We are now experiencing some contracting parties requesting the inclusion of express indemnities for any issues caused by Brexit. Some of the main concerns are around disruption to supply lines caused by licensing/regulatory issues as well as customs and border checks . In modern logistics operations short delivery times means that companies no longer retain much storage space nor keep large quantities of stock.
Indemnities may seem like a great way to protect your position as they shift the risk of undesirable effects of Brexit onto your counterparty. However, careful drafting is needed to ensure you get the cover you need and they are only of use if the party giving to them is able to honour them (which won’t be the case if they are pushed into insolvency).. Although certainly better to have than not, in practice, it is rarely in a party’s interests to have to claim under an indemnity – practical mitigation is usually a better option – so check your suppliers have made appropriate plans to deal with any negative effects of Brexit.

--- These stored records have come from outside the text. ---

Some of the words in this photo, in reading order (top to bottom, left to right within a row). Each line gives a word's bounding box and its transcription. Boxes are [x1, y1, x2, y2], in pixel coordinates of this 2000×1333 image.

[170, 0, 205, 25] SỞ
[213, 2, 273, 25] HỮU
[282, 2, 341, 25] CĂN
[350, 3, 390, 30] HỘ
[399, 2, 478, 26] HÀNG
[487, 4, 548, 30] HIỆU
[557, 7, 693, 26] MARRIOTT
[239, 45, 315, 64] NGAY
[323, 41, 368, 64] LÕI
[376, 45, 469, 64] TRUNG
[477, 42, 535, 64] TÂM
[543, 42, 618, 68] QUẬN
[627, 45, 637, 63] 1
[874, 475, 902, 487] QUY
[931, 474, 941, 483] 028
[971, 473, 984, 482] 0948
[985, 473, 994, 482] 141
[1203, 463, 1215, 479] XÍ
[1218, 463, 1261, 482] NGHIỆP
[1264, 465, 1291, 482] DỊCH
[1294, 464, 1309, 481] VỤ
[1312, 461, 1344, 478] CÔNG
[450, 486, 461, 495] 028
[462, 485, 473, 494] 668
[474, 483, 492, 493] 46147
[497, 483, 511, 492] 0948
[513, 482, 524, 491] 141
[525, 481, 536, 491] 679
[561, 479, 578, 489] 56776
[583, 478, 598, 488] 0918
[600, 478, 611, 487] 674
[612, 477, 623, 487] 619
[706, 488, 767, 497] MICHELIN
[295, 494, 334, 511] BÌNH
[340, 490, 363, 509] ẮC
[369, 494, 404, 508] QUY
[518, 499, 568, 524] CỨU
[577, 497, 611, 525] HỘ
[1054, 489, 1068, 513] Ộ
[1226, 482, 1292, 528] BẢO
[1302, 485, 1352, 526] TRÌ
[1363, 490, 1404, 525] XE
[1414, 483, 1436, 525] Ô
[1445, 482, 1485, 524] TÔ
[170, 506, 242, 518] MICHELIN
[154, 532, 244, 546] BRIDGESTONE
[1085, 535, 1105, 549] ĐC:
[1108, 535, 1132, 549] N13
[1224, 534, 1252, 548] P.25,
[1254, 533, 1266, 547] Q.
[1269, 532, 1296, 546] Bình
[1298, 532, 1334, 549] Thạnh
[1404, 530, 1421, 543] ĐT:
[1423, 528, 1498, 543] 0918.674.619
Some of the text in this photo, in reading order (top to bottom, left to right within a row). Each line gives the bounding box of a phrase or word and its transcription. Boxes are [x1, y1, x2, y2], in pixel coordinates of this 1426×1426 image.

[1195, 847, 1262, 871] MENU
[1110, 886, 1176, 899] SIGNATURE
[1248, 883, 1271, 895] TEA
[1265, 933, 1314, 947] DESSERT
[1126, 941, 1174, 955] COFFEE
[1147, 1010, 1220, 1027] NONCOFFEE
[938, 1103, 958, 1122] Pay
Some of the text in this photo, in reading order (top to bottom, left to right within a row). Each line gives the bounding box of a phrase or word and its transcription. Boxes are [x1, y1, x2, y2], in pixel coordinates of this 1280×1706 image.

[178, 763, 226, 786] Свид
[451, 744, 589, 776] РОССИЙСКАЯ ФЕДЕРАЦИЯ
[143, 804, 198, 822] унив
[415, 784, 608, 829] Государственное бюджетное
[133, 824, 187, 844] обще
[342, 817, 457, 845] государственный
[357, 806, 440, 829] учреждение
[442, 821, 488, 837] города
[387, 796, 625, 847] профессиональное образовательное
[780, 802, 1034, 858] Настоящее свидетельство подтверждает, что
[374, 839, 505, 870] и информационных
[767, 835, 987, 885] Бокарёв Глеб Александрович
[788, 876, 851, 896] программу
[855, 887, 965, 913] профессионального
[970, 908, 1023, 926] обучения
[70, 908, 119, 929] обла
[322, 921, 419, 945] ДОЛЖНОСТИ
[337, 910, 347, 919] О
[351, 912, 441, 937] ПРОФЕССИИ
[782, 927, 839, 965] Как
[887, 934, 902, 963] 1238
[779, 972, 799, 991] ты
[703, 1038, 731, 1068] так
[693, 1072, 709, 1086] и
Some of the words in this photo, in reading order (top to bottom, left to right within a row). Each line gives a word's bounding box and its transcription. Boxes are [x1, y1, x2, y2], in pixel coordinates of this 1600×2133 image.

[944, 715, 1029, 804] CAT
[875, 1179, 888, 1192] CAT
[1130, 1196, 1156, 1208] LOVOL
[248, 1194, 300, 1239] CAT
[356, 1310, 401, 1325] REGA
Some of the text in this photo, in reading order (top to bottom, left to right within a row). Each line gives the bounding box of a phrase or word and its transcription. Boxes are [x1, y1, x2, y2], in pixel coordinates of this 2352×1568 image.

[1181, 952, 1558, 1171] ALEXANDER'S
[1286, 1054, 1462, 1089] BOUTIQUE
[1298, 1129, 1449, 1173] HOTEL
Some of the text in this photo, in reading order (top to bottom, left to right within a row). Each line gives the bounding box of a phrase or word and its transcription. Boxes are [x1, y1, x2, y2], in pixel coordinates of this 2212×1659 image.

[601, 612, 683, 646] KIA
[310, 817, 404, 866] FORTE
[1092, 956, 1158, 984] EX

Contracts may be “frustrated” if an event outside of the control of the parties renders performance of the contract physically or commercial impossible. The effect is that the contract “falls away” and each party is released from ongoing obligations. The bar is set high for frustration – the event needs to have radically changed the nature and performance of the contract – it’s not enough for it simply to have caused hardship or inconvenience and its usually only effective in cases of war or similar, but a case currently progressing through the courts is testing whether Brexit may frustrate a lease. See our detailed blog here. The result of this case has implications not just for property cases, but also for general contract law because it will give an indication as to how a court might view Brexit.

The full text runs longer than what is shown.